By early 2023, Limón was submitting the poem in her own handwriting to be engraved on the spacecraft’s metal vault plate.

“In Praise of Mystery: A Poem for Europa,” was revealed publicly in June 2023 during a special reading at the Library.

NASA collaborated with Limón and the Library on a Webby Award-winning public engagement and media campaign that invited people worldwide to sign on to the poem and send their names to space with it on a microchip. More than 2.6 million people from around the world signed on.

“I write from a very intimate, personal I, and I had to take the I out. This poem is a we poem. This is all about the we. And ‘we’ wasn’t just human beings but all creatures, and it’s the first poem, I think, I’ve dissolved myself out of. It no longer belongs to me. It belongs to all of us,” Limón said of the poem, which was just published by Norton Young Readers as a picture book in October with illustrations by Peter Sís.
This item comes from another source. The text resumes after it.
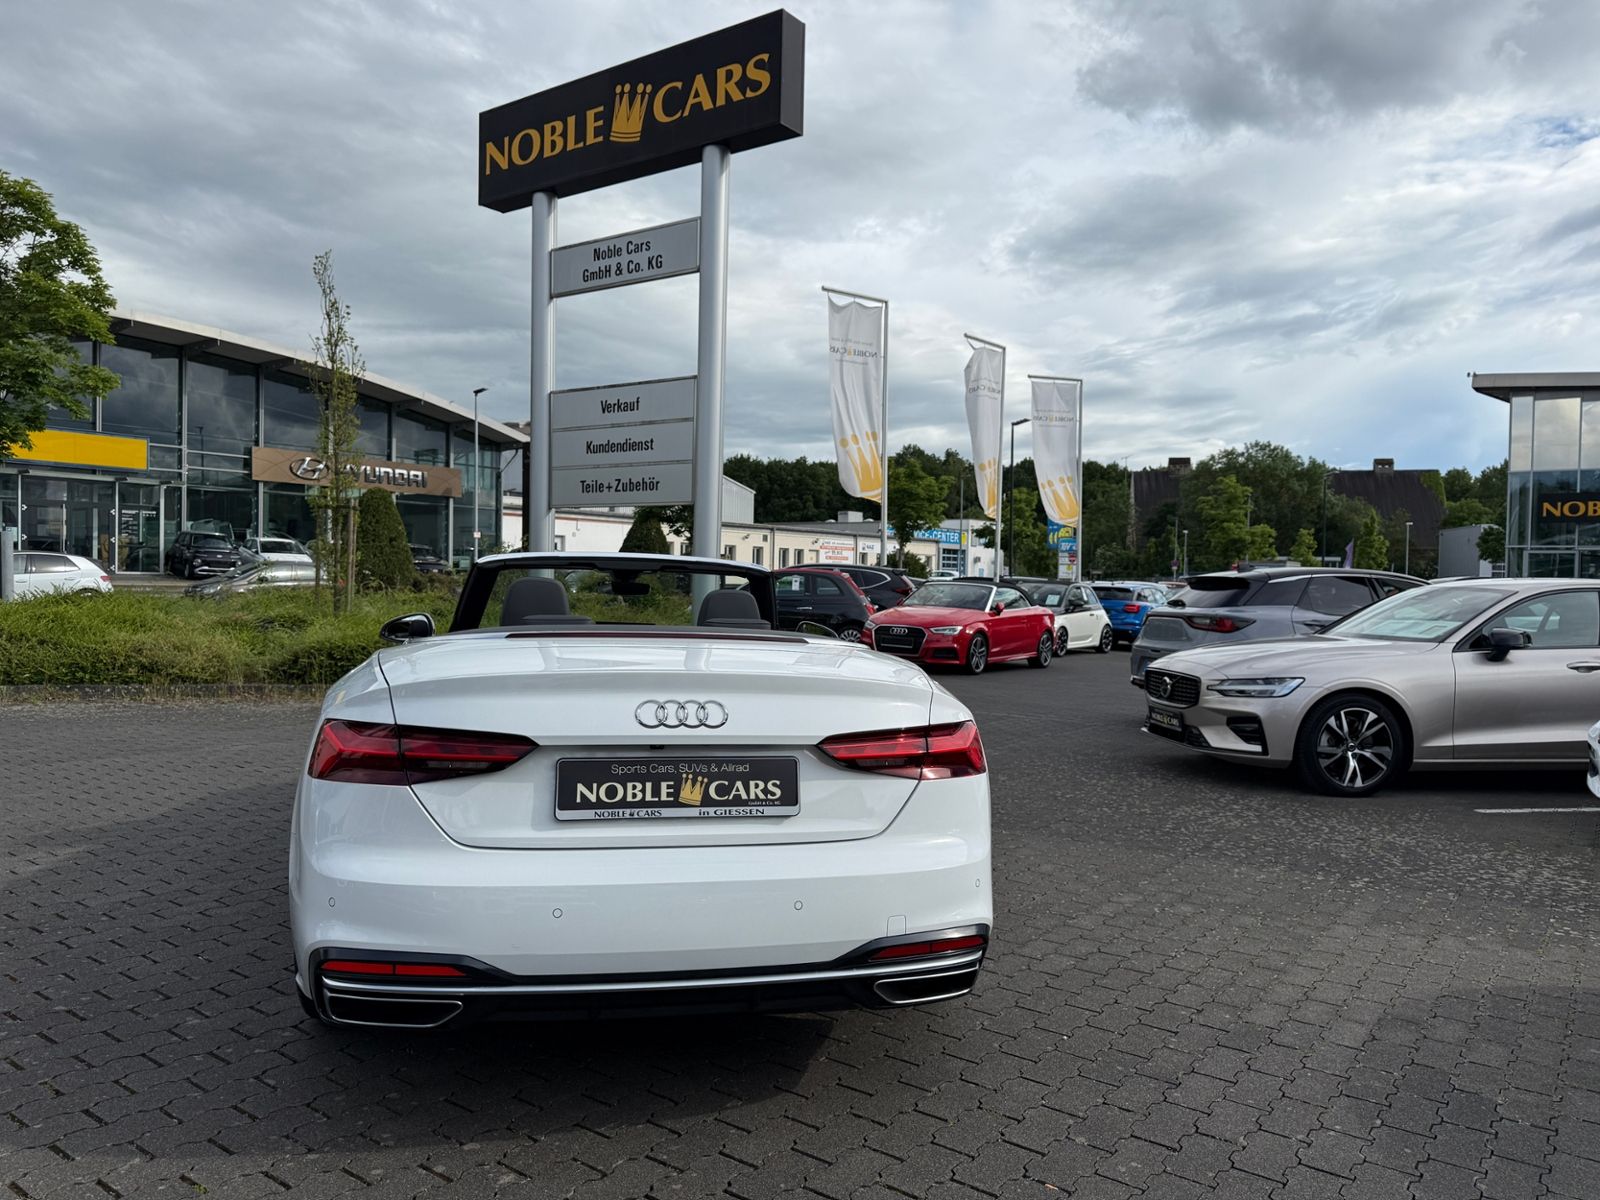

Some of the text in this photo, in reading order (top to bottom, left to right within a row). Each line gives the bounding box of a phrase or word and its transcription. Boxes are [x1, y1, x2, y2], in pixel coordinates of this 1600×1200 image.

On the eve before the poem was launched into space, Limón told mission scientists, engineers and family members who gathered for a “star party” that even though the poem is set to travel billions of miles on Europa Clipper, “every word is written in praise of this planet” — because every NASA scientist knows Earth is “the best planet,” she said.

“It has been the honor of my life to work on this project,” Limón told the mission team. “I propose that if this is the beginning of the journey for the Clipper that it might also be the beginning of a journey for us. And might we think about where we will be in the next five to six years? Who we will be? Who we have helped? …  The small kindnesses, the large kindnesses. Any of those things.  The possibilities of humankind.”

Robert Pappalardo, the mission’s lead scientist, and Jordan Evans, the project manager, presented Limón and the Library with an exact replica of the vault plate from the spacecraft, engraved with Limón’s poem for Europa and the names of 2.6 million people who signed on.

Wide shot of a woman leaning on a balcony, hands to her face, while in the distance a rocket trail can be seen high in the sky
Limón watches the Europa Clipper head into space. Photo: Shawn Miller.

Like the replica of the Voyager space mission’s golden record that carried “The Sounds of Earth” into interstellar space in 1977 (now on view in the Library’s Treasures Gallery), the Europa Clipper vault plate will have a home forever in the national library in the Rare Book and Special Collections Division to match the one exploring our solar system. The vault plate replica is set to be formally transferred to the Library in December.

Pappalardo said the mission will expand our horizon from one ocean world to another.

“Soon our craft, crafted by human hands, emblazoned with poetry, will lift through the sky,” he said, “and pierce the Kárman line, through the Van Allen Belts, beyond the Hill sphere, into the ether, the quintessence, heaven.”